Synergistic effect of inhibiting CHK2 and DNA replication on cancer cell growth

Abstract

Abstract Cancer cells display high levels of oncogene-induced replication stress (RS) and rely on DNA damage checkpoint for viability. This feature is exploited by cancer therapies to either increase RS to unbearable levels or to inhibit checkpoint kinases involved in the DNA damage response (DDR). Thus far, treatments that combine these two strategies have shown promise but also have severe adverse effects. To identify novel, better-tolerated anticancer combinations, we screened a collection of plant extracts and found two natural compounds from the same plant, Psoralea corylifolia, that synergistically inhibit proliferation of cancer cells.
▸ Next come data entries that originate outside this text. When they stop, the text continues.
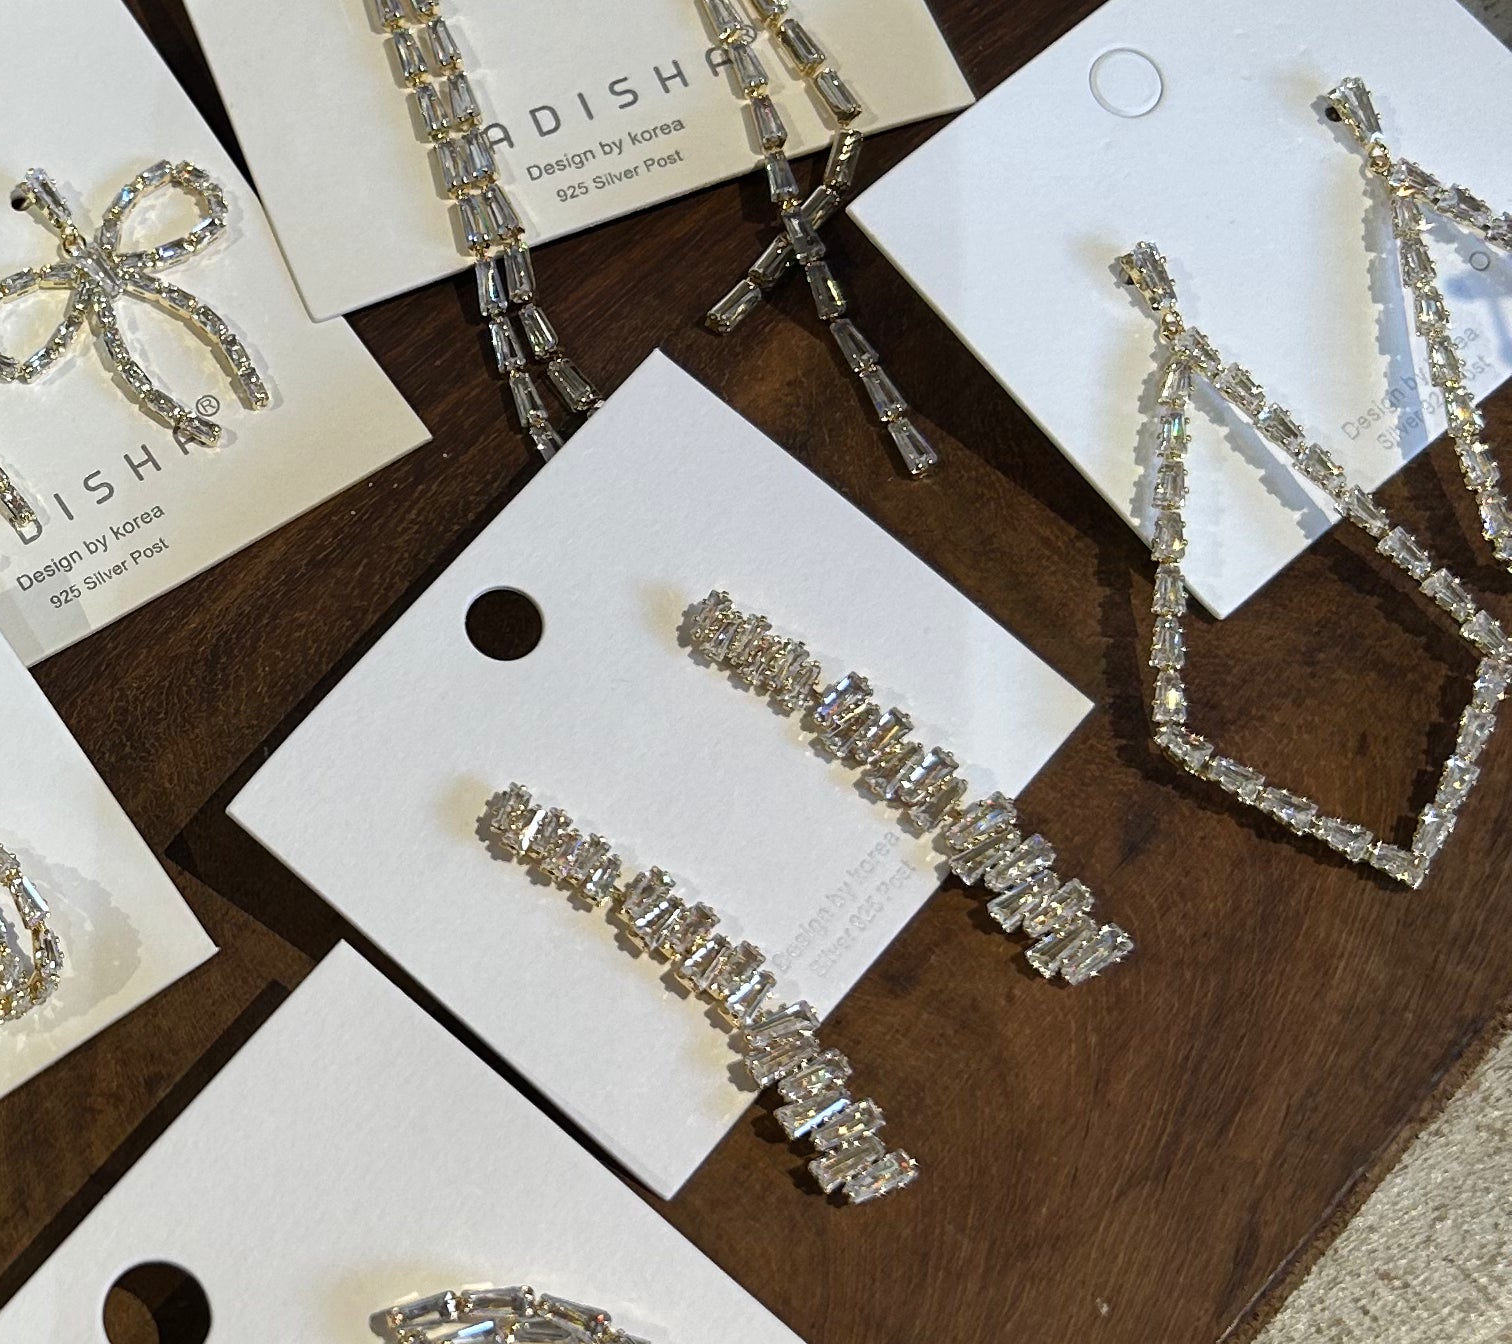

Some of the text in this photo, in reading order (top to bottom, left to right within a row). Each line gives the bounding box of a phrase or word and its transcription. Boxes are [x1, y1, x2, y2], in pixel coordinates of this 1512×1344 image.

[526, 117, 686, 182] Design by korea
[556, 149, 685, 203] 925 Silver Post
[1340, 387, 1406, 441] Design
[1376, 409, 1424, 450] Silver
[1465, 355, 1491, 382] ost
[16, 506, 166, 592] Design by korea
[49, 537, 170, 610] 925 Silver Post
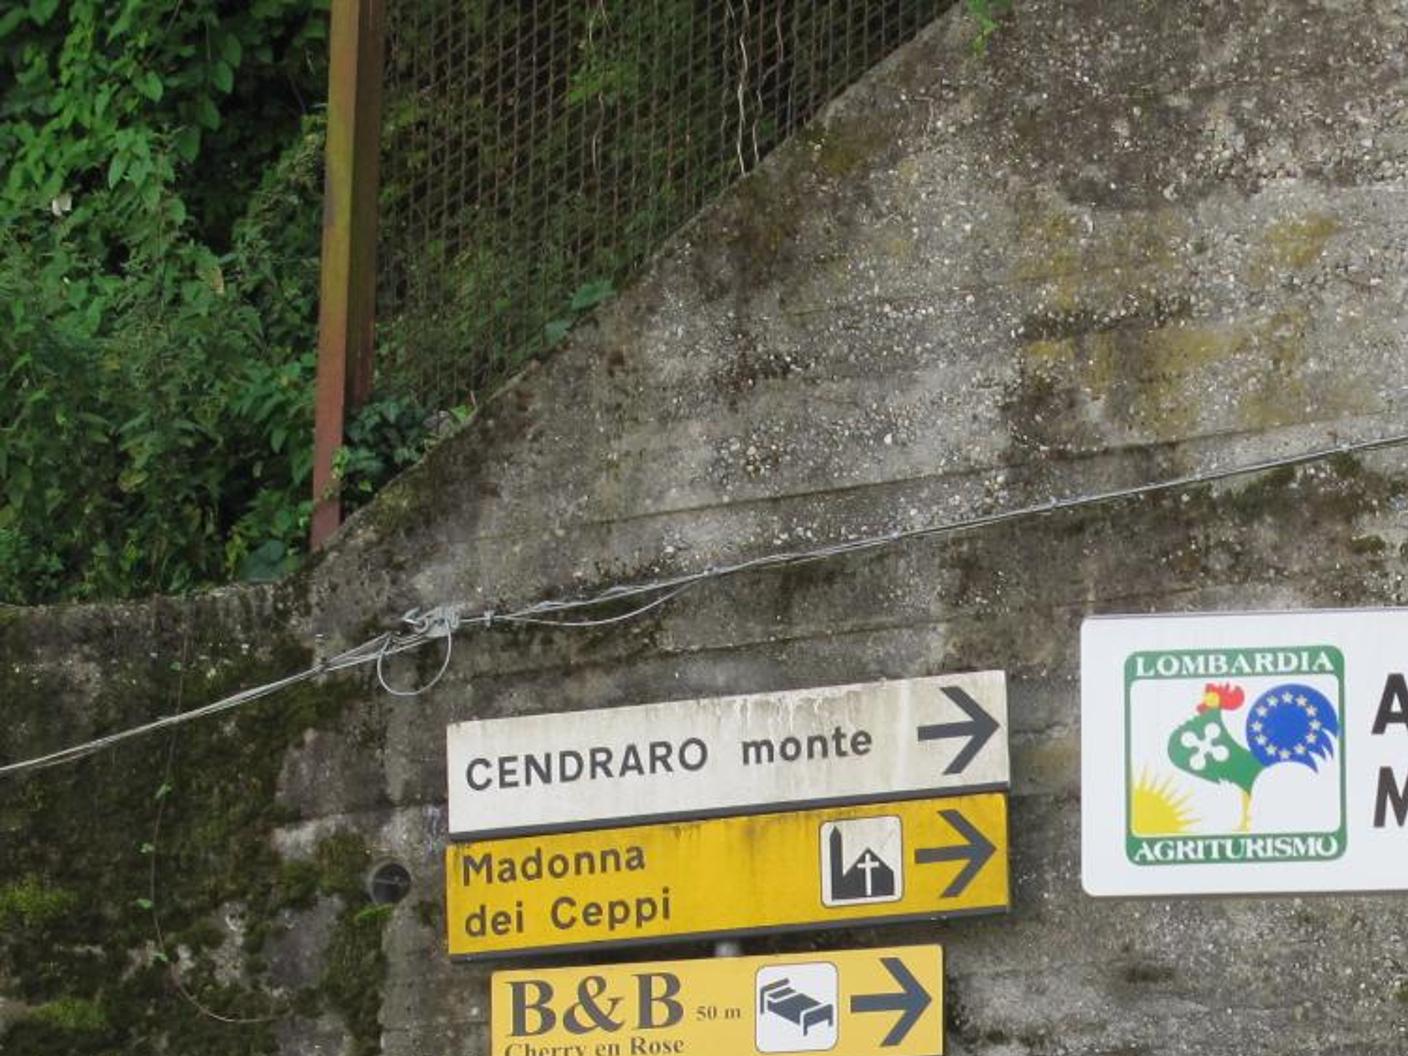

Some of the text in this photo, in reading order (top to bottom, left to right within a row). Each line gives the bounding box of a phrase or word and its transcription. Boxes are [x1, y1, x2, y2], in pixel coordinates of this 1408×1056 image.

[1135, 650, 1335, 678] LOMBARDIA
[465, 725, 873, 791] CENDRARO monte
[462, 843, 647, 887] Madonna
[1134, 836, 1339, 862] AGRITURISMO
[464, 887, 672, 938] dei Ceppi
[505, 972, 742, 1037] B&B 50 m
[594, 1041, 620, 1056] en
[629, 1037, 685, 1056] Rose
Bakuchiol inhibited DNA replication in human cells and in Xenopus egg extracts, and activated the checkpoint kinase CHK1, likely by targeting DNA polymerases. Isobavachalcone interfered with DNA double-strand breaks (DSBs) repair by inhibiting the checkpoint kinase CHK2 and the resection of DNA ends. The combination of isobavachalcone and bakuchiol synergistically inhibited cancer cell proliferation in vitro. Importantly, it also prevented tumor development in xenografted mice at the concentration ratio naturally found in plant extracts. The synergistic effect of inhibiting DNA replication and resection identifies a novel vulnerability of cancer cells that might be exploited by using clinically approved inhibitors of these mechanisms in novel combination therapies.